───── Available records ─────
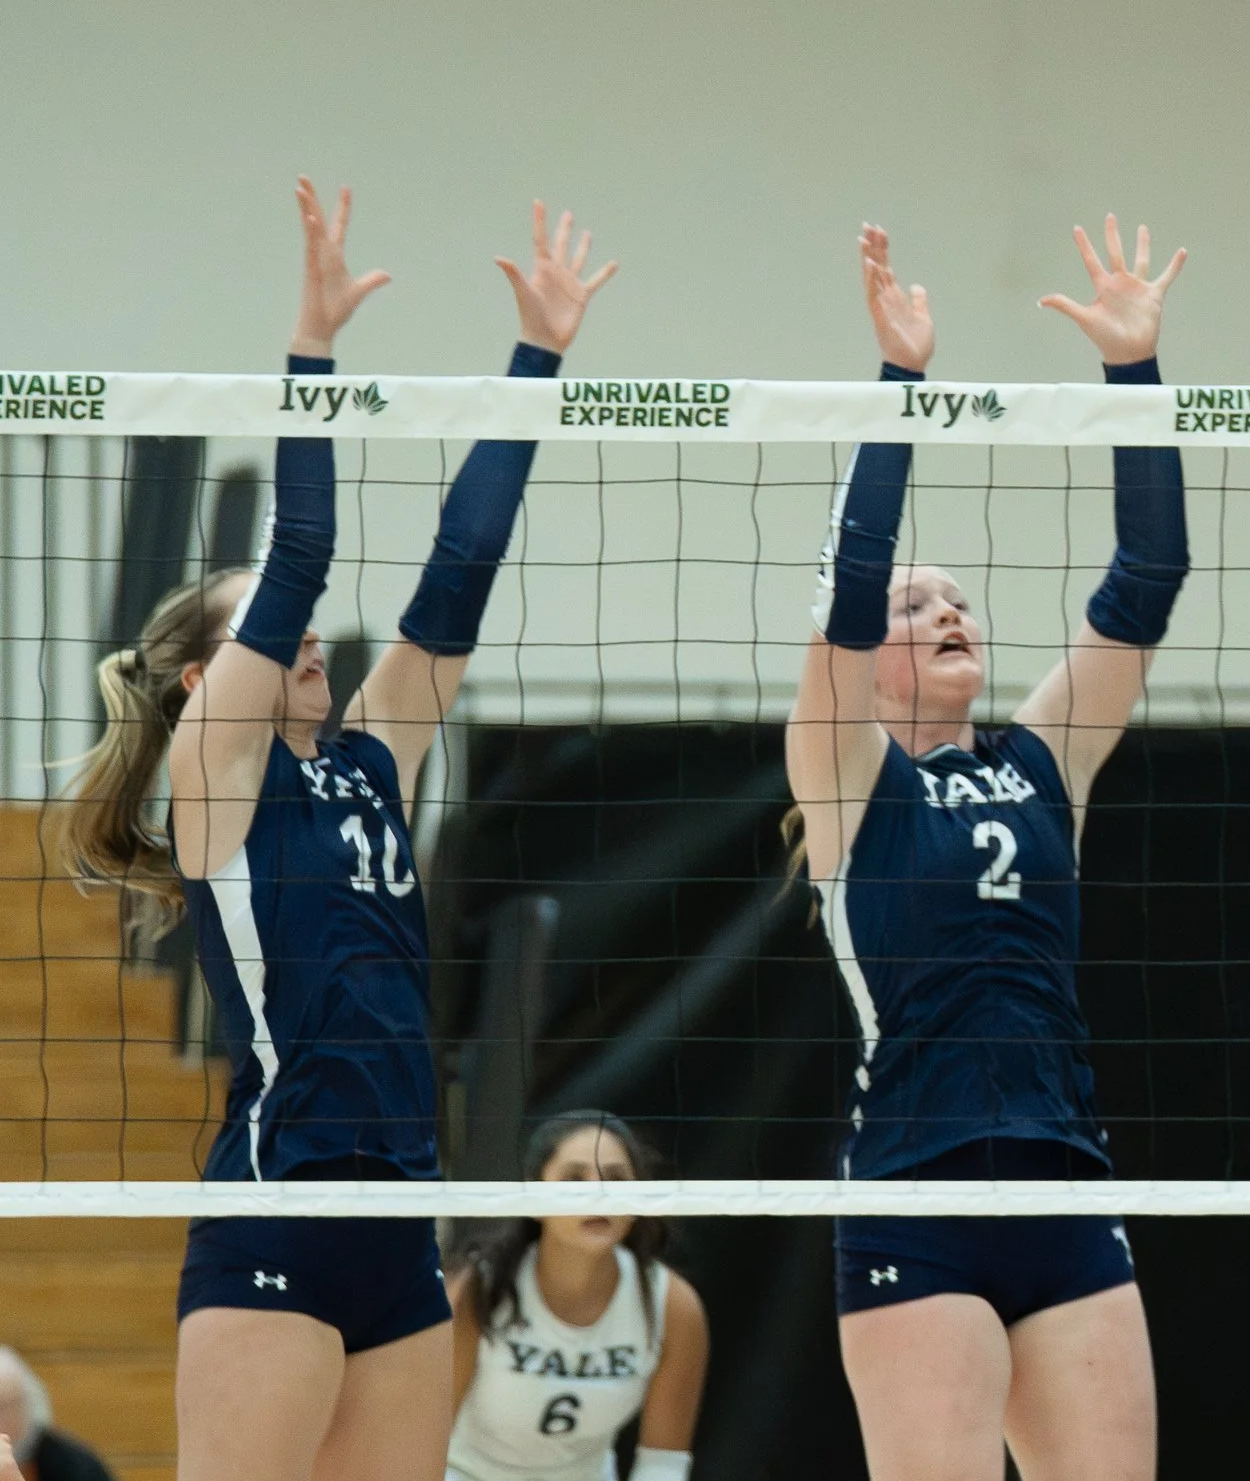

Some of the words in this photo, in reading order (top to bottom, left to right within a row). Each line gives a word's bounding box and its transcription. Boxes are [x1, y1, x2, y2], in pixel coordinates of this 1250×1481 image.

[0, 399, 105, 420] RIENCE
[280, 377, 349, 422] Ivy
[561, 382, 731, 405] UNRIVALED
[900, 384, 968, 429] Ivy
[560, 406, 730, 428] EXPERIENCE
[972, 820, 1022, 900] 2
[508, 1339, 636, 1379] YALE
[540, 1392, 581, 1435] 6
─────
→ Aim of the exercise
All records above are to be output verbatim, with their pictures omitted.

→ Finished task
Some of the words in this photo, in reading order (top to bottom, left to right within a row). Each line gives a word's bounding box and its transcription. Boxes are [x1, y1, x2, y2], in pixel coordinates of this 1250×1481 image.

[0, 399, 105, 420] RIENCE
[280, 377, 349, 422] Ivy
[561, 382, 731, 405] UNRIVALED
[900, 384, 968, 429] Ivy
[560, 406, 730, 428] EXPERIENCE
[972, 820, 1022, 900] 2
[508, 1339, 636, 1379] YALE
[540, 1392, 581, 1435] 6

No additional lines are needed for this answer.